The final dataset is stored in parquet files. The storage is significantly reduced compared with the tsv files in the previous step. The current dataset can be see here

Subsampling the data using SemHash and Cleanlab

The data now contains about 48,320,698 samples, which is too large to run the evaluation step on the current device. Therefore, the data must be downsampled, retaining only the highest-quality samples.

Here, I used SemHash, a lightweight, multimodal library, used for semantic deduplication, outlier filtering, and representative sample selection.

SemHash was applied separatedly to each language:

SemHash application pipeline
SemHash application pipeline

Finally, the data is stored in many parquet files, one per each language. For more details, visit this notebook

In a language dataset, an important issue is language misslabeling. The incorrect labeled samples can significantly affect the training process, and negativly impact the model performance.

To solve this problem, I used Cleanlab a library which works with any ML model by analyzing model outputs like predicted probabilities and feature embeddings to identify problems such as label errors, outliers, near duplicates, and other data quality issues.

In Cleanlab, there are two important elements:

  • The embeder: Create the embedding vectors of the given text.
  • Classifier: Trained from the data, to create the predicted language probabilities for a given text.

After trying with multiple setting of embedder and classifier, I have these main settings. The detailed implementation can be found in this notebook

Embedder Classifier API
FastText Logistic Regression cleanlab.classification.CleanLearning
Transformer + FastText XGB Classifier cleanlab.classification.CleanLearning
FastText Logistic Regression cleanlab.filter.find_label_issues
Transformer Logistic Regression cleanlab.filter.find_label_issues

Different settings will result in a different label-cleaned versions of dataset. From that, I ensembled all of them, using a simple strategy that a text, which will have a highly confident about the label quality, if it appear in all versions. The detailed implementation can be found in this notebook.
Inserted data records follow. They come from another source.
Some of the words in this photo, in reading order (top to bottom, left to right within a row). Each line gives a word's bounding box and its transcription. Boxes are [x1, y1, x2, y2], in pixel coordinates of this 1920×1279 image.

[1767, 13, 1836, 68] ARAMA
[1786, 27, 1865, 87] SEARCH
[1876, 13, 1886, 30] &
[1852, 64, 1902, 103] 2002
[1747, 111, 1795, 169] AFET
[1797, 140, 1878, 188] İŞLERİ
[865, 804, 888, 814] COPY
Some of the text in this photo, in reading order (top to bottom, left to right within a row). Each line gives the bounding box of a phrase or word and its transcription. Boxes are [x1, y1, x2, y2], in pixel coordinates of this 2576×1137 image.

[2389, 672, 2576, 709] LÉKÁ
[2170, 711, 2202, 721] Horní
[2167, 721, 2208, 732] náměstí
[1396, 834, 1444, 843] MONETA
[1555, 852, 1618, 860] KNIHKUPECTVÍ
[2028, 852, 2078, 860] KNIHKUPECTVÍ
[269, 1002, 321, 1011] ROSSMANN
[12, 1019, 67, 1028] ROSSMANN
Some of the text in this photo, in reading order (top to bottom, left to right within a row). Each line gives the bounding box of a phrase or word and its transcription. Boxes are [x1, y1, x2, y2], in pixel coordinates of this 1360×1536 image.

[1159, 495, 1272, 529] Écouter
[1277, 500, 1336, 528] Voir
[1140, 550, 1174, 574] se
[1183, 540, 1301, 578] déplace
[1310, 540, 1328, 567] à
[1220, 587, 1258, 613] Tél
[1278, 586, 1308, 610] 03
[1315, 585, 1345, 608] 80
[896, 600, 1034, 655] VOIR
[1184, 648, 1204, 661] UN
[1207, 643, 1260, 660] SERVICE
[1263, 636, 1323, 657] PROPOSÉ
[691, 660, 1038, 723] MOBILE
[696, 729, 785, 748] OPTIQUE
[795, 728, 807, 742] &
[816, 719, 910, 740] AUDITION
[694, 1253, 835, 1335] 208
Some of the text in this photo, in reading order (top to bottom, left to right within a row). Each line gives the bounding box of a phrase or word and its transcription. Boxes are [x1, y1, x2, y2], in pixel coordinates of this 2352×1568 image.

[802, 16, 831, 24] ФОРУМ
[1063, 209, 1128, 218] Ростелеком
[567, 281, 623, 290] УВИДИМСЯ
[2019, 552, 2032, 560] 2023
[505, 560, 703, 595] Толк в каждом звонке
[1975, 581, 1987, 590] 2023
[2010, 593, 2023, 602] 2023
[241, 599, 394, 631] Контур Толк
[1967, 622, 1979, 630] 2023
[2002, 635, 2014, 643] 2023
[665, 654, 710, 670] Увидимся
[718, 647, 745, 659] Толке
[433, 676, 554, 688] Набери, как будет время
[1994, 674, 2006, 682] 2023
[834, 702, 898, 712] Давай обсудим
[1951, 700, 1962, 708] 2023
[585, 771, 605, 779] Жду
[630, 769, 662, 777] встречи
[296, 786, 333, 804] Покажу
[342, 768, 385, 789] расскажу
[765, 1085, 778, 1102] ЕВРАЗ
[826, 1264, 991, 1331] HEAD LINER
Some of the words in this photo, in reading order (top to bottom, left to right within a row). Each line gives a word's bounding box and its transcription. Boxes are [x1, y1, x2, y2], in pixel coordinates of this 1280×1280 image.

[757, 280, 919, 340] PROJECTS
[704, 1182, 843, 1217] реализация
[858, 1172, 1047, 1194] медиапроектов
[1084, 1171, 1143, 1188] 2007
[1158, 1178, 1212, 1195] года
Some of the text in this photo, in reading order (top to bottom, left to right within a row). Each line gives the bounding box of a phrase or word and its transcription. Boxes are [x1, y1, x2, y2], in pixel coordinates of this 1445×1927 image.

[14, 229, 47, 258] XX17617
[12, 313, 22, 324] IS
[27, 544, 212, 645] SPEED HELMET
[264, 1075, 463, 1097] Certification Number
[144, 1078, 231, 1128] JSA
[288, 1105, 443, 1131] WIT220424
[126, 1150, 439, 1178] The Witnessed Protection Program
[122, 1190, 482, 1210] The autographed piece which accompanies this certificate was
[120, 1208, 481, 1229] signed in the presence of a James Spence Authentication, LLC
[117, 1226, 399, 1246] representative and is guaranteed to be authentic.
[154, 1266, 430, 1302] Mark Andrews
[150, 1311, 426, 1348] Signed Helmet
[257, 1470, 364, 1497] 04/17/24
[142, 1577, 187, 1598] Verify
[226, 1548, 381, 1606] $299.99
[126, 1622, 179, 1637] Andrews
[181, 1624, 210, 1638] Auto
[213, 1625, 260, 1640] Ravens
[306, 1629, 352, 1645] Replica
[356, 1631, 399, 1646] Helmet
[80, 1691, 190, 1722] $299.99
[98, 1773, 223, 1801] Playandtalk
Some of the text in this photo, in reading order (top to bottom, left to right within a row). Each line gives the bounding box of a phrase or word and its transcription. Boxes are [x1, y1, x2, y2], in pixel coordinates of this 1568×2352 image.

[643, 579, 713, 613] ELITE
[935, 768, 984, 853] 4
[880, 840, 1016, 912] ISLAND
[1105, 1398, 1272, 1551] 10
After all of these steps, I have a cleaned version of the dataset, containing about 1,5 million samples. And it still is not completely clean. 🥲🥲🥲


Task 03: Doing EDA for the collected dataset

In this section, I will discover the dataset. The detailed analysis on the dataset can be found in this notebook

Some key features about the dataset are:

Source similarity in Jaccard distance
Source similarity in Jaccard distance
Source distribution
Source distribution
Text length distribution
Text length distribution
Word count distribution
Word count distribution

Task 04: Evaluate the cleaned dataset with models

Here is the list of model I evaluated, also consider the supporting language list for all these models:

We can see the papluca model only supports a limited set of languages (20 languages), while conlid and glotlid can support more than 1800 languages. Other models support around 100–200 languages.

To ensure a fair evaluation between models, we consider three scenarios:

  • Scenario 1: Evaluate all models, except papluca, on an 83-language dataset (the overlap of supported languages across all other models).
  • Scenario 2: Evaluate all models, including papluca, on a 17-language dataset.
  • Scenario 3: Evaluate only conlid and glotlid on a 1810-language dataset.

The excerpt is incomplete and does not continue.